Faecal chymotrypsin is low in untreated pancreatic insufficient patients with CF and has in the past been useful for monitoring enzyme therapy with low values suggesting inadequate therapy possibly due to poor adherence ( Littlewood & Wolfe, 2000).

In addition to assessment of enzyme therapy, assessment of malabsorption and/or steatorrhoea is valuable. The 72 hour faecal fat collection is the gold standard for assessing fat absorption but is becoming less common and less readily available. Faecal fat microscopy has been shown as a useful tool to detect steatorrhoea. Fat microscopy shows some correlation between microscopic grading and severity of steatorrhoea and has been validated by comparison with quantitative measurements (Walters et al, 1990). This test is also less readily available than in the past.

Reduction of gastric acid or acid suppression as a means of improving enzyme efficacy with a proton pump inhibitor has been reported and the addition of ranitidine, omeprazole or lansoprazole to reduce gastric acid secretion (Heijerman et al, 1993, Francisco et al, 2002; Proesmans et al, 2003) or taurine (Darling et al, 1985; Belli et al, 1987 ) may help to improve absorption.

Patients with mild episodes of DIOS often respond to laxatives such as lactulose (20 mls twice a day and senna). Some centres use sodium picosulphate or high dose Movicol (Norgine). Prolonged maintenance therapy with N-acetylcysteine (Celltech) can be used in patients with chronic DIOS (acetylcystein sachet 400 mg twice or three times a day or Parvolex liquid –children; 5-10 ml qds in orange juice. Adults; 30 ml tds with 120 ml water or orange juice).

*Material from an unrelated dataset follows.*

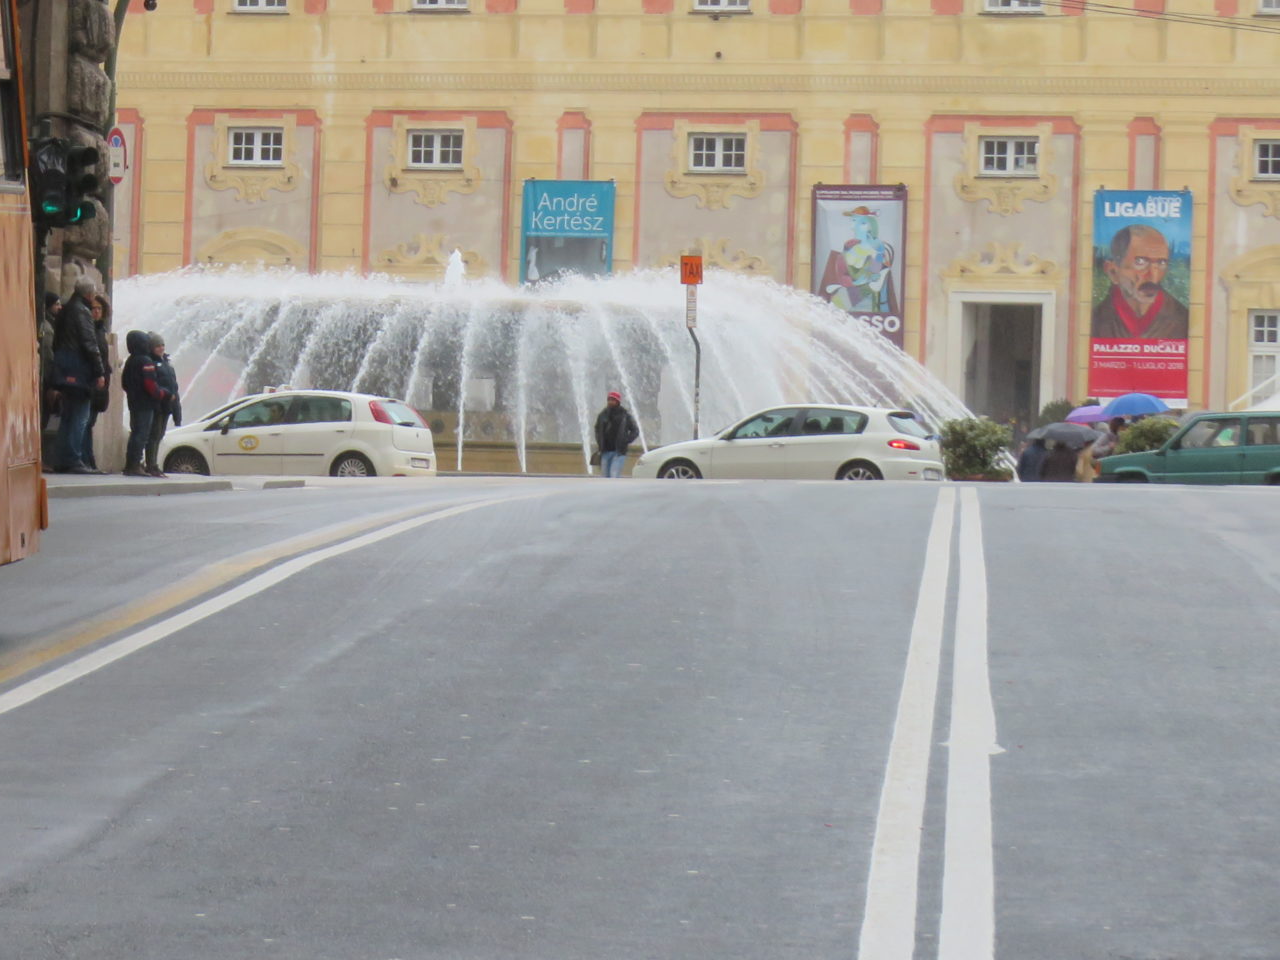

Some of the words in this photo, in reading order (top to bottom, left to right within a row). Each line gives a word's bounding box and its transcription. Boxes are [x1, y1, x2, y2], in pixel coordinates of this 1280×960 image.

Alternatively some patients appear to respond to intermittent courses of either gastrografin (Schering), Fabrol or Klean Prep (Norgine) as long as it is administered with appropriate fluids.

Post operative

In the event of laparotomy and surgical decompression, it is recommend that a small dose of pancreatin is started even if patient is nil by mouth to avoid further obstruction. The principles of prevention and early treatment for DIOS used in the post transplant patient (see above) can be extended to all people with CF undergoing surgery that is likely to be followed by high dose opiates and post operative adynamic ileus (Boyle et al, 2003).

Key points
• Distal intestinal obstruction syndrome is a condition unique to CF. It occurs due to the accumulation of viscous mucus and faecal material in the terminal ileum, caecum and ascending colon
• The syndrome is relatively common, occurring in about 10-22% of patients
• It may present either acutely or chronically and can be easily misdiagnosed by those who are unaware of the condition
• Distal intestinal obstruction syndrome should be clearly differentiated from constipation and other gastrointestinal presentations
• Typically patients develop progressive symptoms of recurrent colicky abdominal pain, bloating, nausea and anorexia and signs of partial or complete small bowel obstruction
• Dehydration, transplantation and opiate analgesics can potentiate acute and chronic attacks of DIOS. Prophylactic measure should be instituted to avoid complications
• A specialist CF dietitian should be involved in the management of DIOS.